───── Exercise inputs

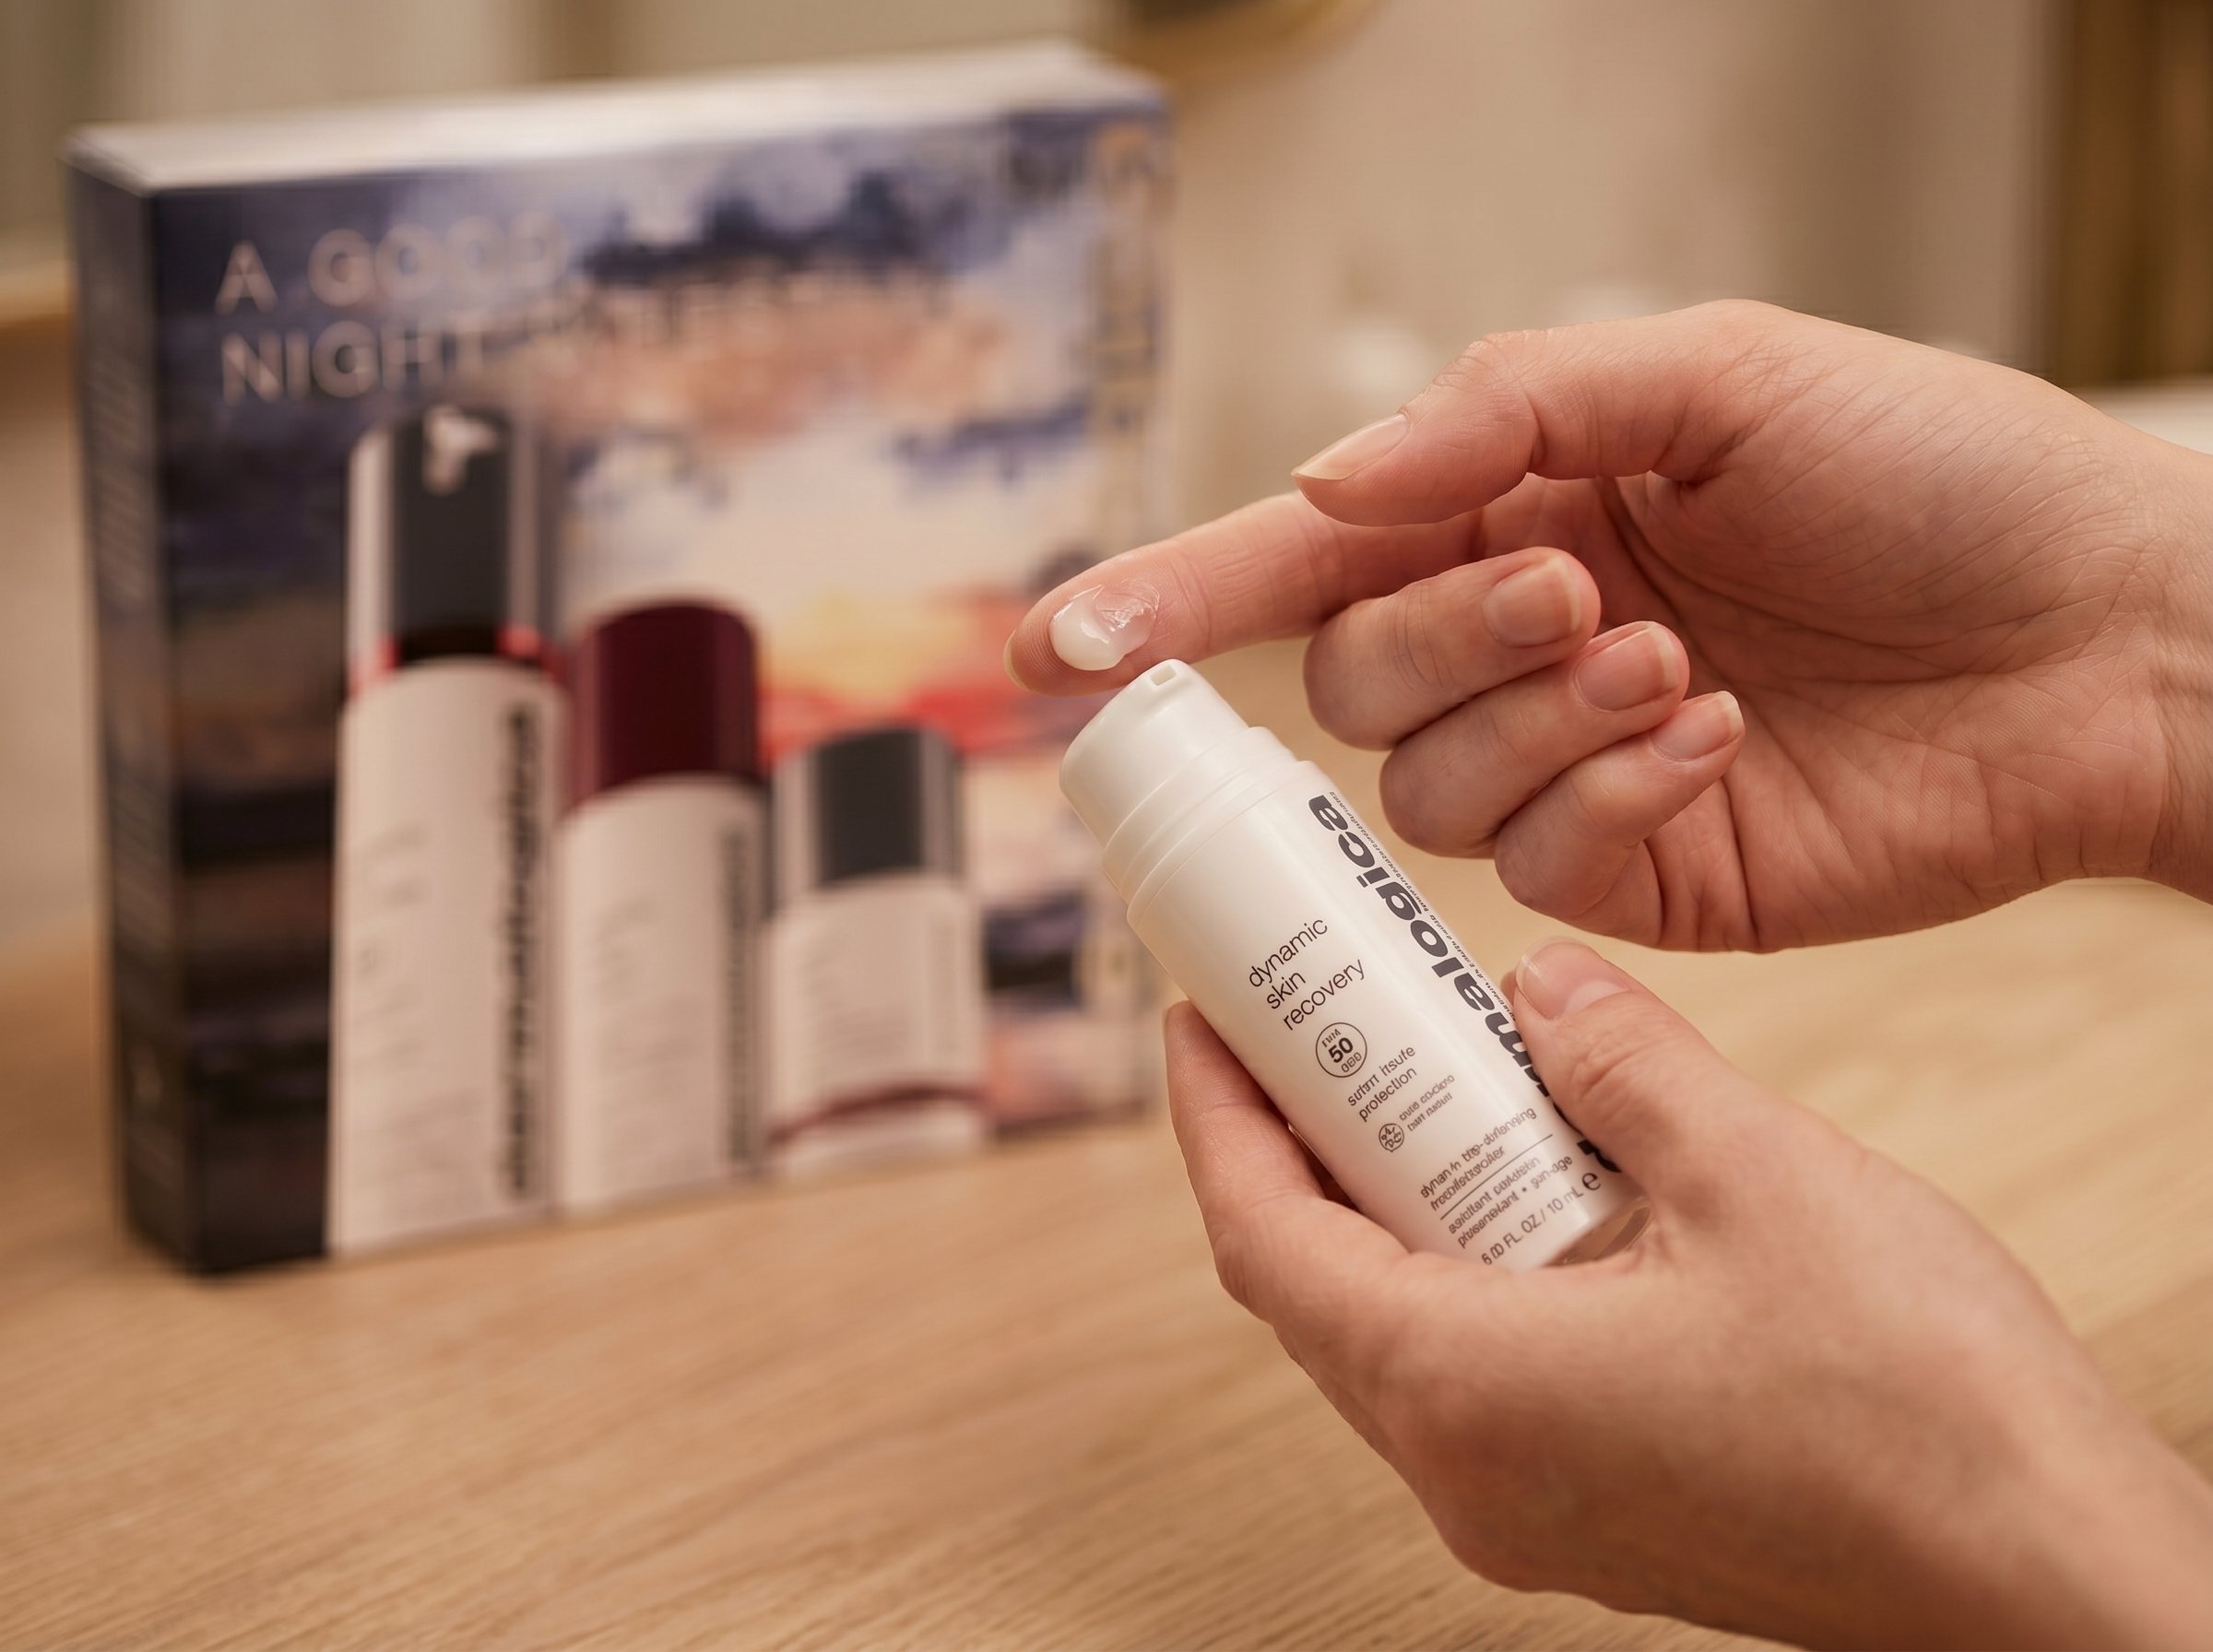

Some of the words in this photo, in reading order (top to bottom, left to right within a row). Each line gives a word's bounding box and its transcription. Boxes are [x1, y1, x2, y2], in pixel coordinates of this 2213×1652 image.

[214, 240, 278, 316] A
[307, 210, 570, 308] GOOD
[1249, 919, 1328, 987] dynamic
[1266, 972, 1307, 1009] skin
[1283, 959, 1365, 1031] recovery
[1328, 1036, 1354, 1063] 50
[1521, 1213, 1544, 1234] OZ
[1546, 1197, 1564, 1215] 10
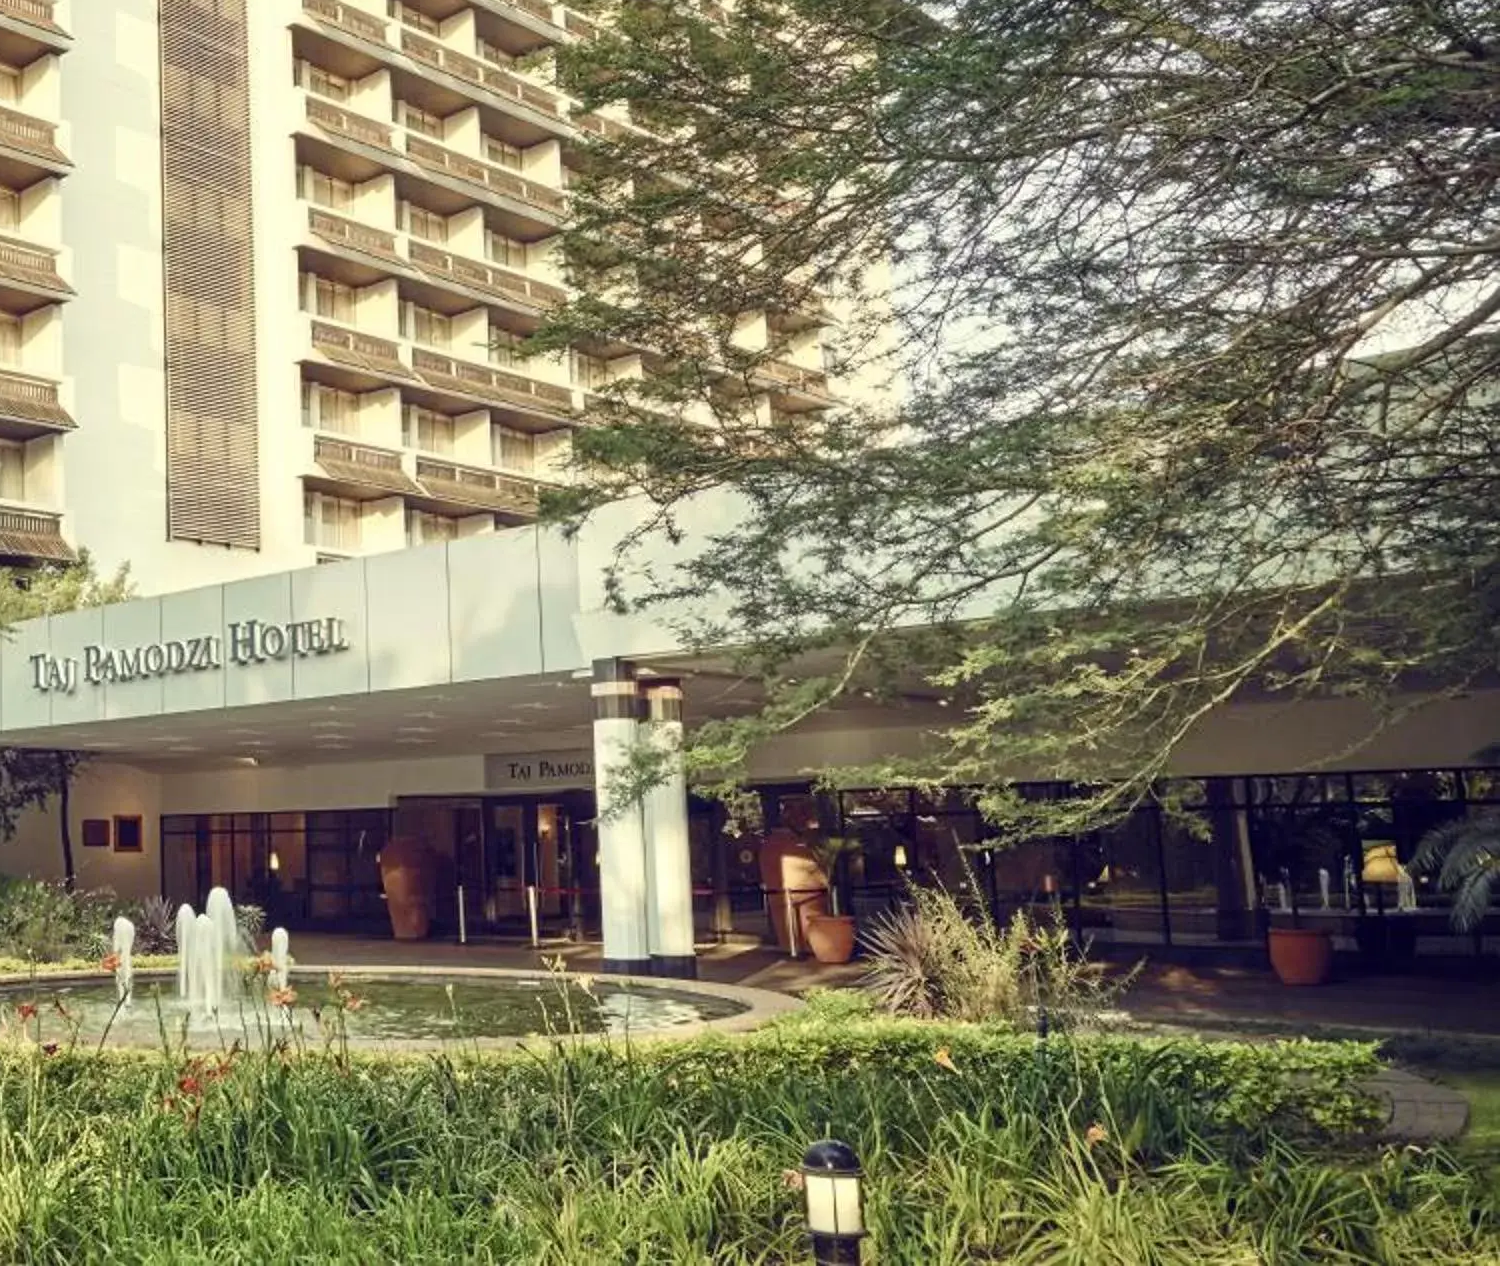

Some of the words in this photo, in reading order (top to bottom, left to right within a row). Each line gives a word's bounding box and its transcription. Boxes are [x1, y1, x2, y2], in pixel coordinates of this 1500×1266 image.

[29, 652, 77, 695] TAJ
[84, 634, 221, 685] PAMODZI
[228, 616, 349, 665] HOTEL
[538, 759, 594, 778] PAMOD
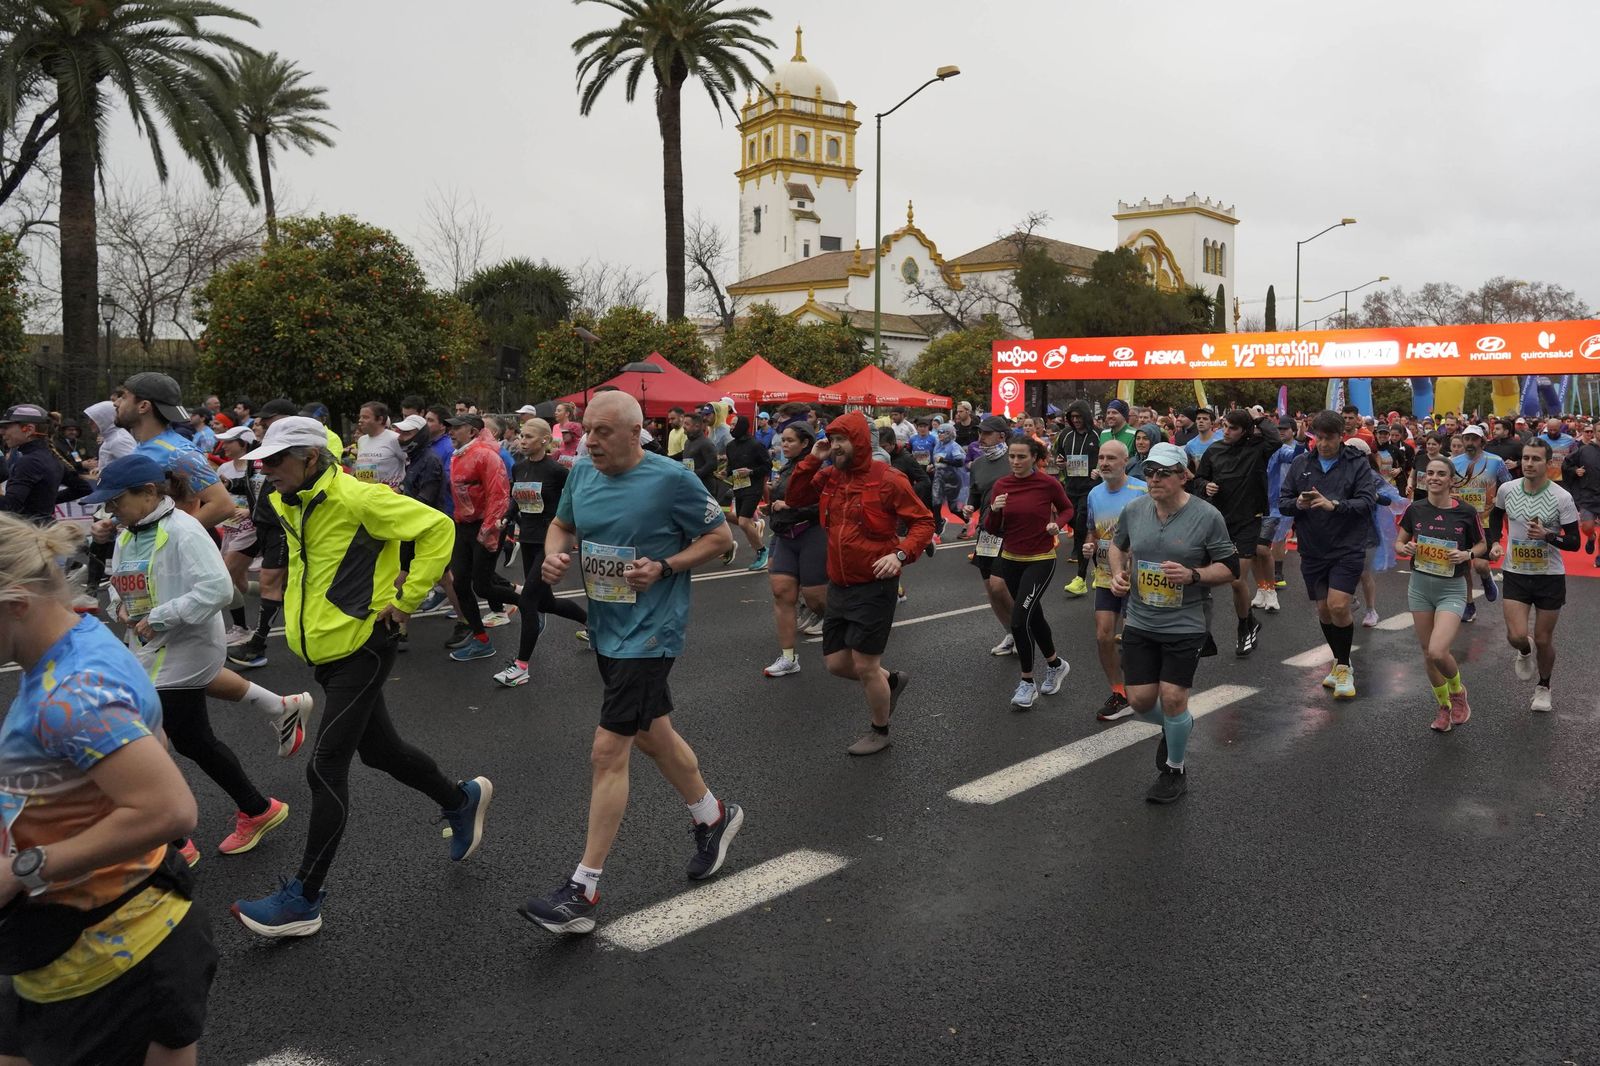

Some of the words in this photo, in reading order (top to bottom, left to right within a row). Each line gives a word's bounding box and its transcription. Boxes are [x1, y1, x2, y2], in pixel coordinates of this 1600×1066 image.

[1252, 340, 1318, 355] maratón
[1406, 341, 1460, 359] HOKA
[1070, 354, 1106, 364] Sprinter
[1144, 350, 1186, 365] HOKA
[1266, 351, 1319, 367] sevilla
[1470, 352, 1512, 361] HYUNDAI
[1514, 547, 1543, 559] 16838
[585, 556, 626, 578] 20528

──────────

* **Exercise details**
Retype all the records exactly and keep out every picture.

* **Expected answer**
Some of the words in this photo, in reading order (top to bottom, left to right within a row). Each line gives a word's bounding box and its transcription. Boxes are [x1, y1, x2, y2], in pixel coordinates of this 2213×1652 image.

[214, 240, 278, 316] A
[307, 210, 570, 308] GOOD
[1249, 919, 1328, 987] dynamic
[1266, 972, 1307, 1009] skin
[1283, 959, 1365, 1031] recovery
[1328, 1036, 1354, 1063] 50
[1521, 1213, 1544, 1234] OZ
[1546, 1197, 1564, 1215] 10

Some of the words in this photo, in reading order (top to bottom, left to right within a row). Each line gives a word's bounding box and its transcription. Boxes are [x1, y1, x2, y2], in pixel coordinates of this 1500×1266 image.

[29, 652, 77, 695] TAJ
[84, 634, 221, 685] PAMODZI
[228, 616, 349, 665] HOTEL
[538, 759, 594, 778] PAMOD

Some of the words in this photo, in reading order (top to bottom, left to right within a row). Each line gives a word's bounding box and its transcription. Boxes are [x1, y1, x2, y2], in pixel coordinates of this 1600×1066 image.

[1252, 340, 1318, 355] maratón
[1406, 341, 1460, 359] HOKA
[1070, 354, 1106, 364] Sprinter
[1144, 350, 1186, 365] HOKA
[1266, 351, 1319, 367] sevilla
[1470, 352, 1512, 361] HYUNDAI
[1514, 547, 1543, 559] 16838
[585, 556, 626, 578] 20528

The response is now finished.